■ THE PROBLEM ■
Word for word, output every line of the material below, minus pictures.

▽

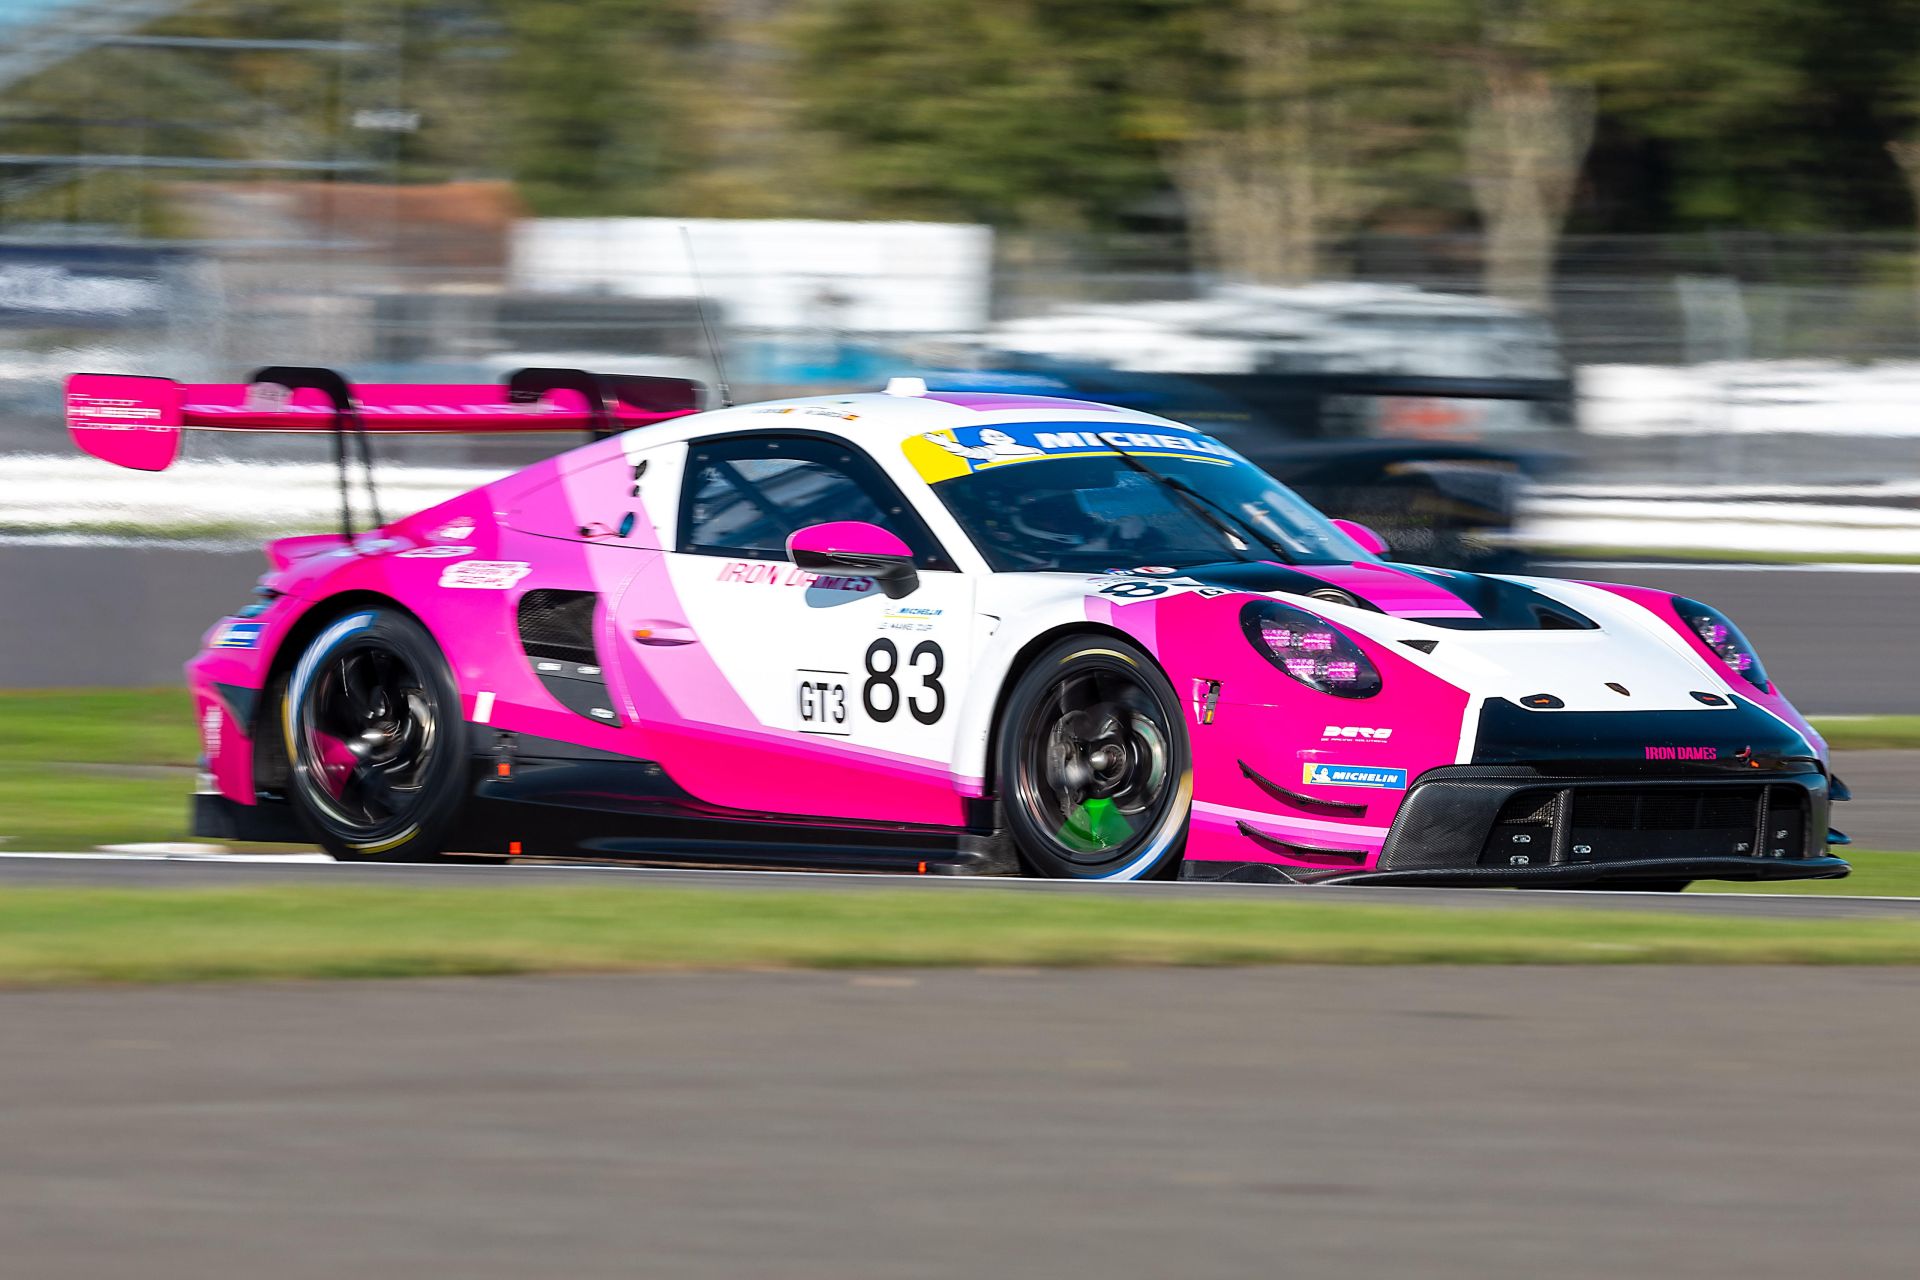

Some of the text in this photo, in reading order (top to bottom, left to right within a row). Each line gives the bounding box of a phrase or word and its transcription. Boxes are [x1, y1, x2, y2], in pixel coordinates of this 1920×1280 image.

[716, 563, 783, 585] IRON
[862, 637, 946, 726] 83
[800, 681, 846, 724] GT3
[1645, 746, 1717, 760] IRON DAMES
[1332, 771, 1398, 783] MICHELIN

△

■ RESULT OF THE EXERCISE ■
Some of the text in this photo, in reading order (top to bottom, left to right within a row). Each line gives the bounding box of a phrase or word and its transcription. Boxes are [x1, y1, x2, y2], in pixel coordinates of this 1920×1280 image.

[716, 563, 783, 585] IRON
[862, 637, 946, 726] 83
[800, 681, 846, 724] GT3
[1645, 746, 1717, 760] IRON DAMES
[1332, 771, 1398, 783] MICHELIN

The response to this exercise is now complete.